▶ The problem:
Reproduce the whole of the records exactly, and make sure no picture is carried into the result.

▶ Spatial localization data:
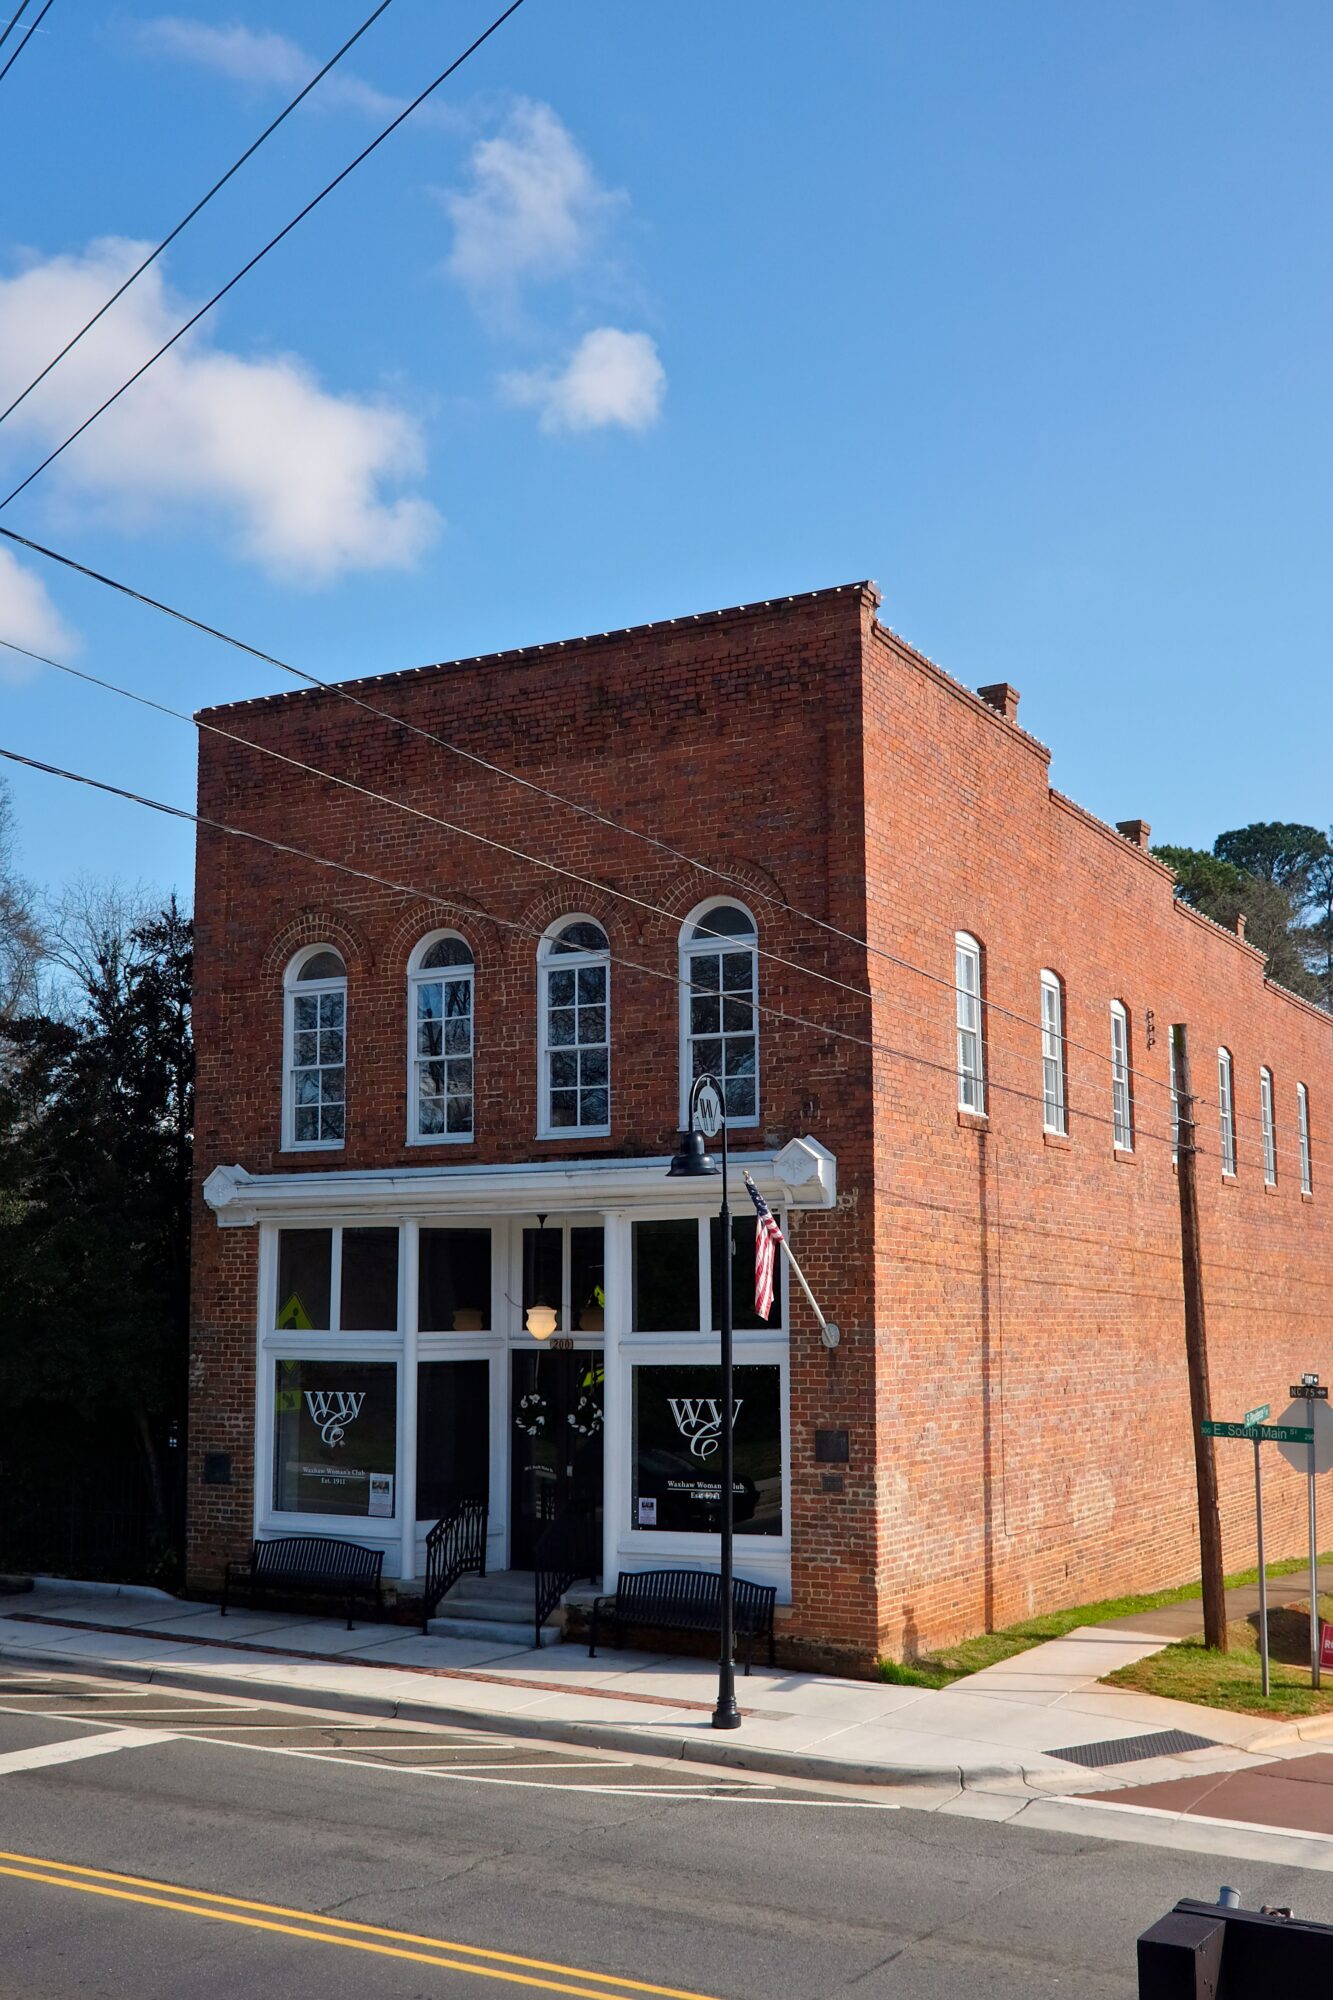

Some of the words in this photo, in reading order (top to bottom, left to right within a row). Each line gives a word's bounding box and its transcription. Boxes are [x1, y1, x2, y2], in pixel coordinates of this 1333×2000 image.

[1291, 1388, 1301, 1397] NC
[1305, 1388, 1315, 1397] 75
[1213, 1424, 1224, 1436] E.
[1227, 1424, 1258, 1438] South
[1261, 1427, 1287, 1440] Main
[327, 1467, 350, 1475] Woman's
[667, 1480, 695, 1488] Waxhaw
[697, 1481, 722, 1489] Woman
[732, 1482, 745, 1491] lub

▶ Problem solution:
Some of the words in this photo, in reading order (top to bottom, left to right within a row). Each line gives a word's bounding box and its transcription. Boxes are [x1, y1, x2, y2], in pixel coordinates of this 1333×2000 image.

[1291, 1388, 1301, 1397] NC
[1305, 1388, 1315, 1397] 75
[1213, 1424, 1224, 1436] E.
[1227, 1424, 1258, 1438] South
[1261, 1427, 1287, 1440] Main
[327, 1467, 350, 1475] Woman's
[667, 1480, 695, 1488] Waxhaw
[697, 1481, 722, 1489] Woman
[732, 1482, 745, 1491] lub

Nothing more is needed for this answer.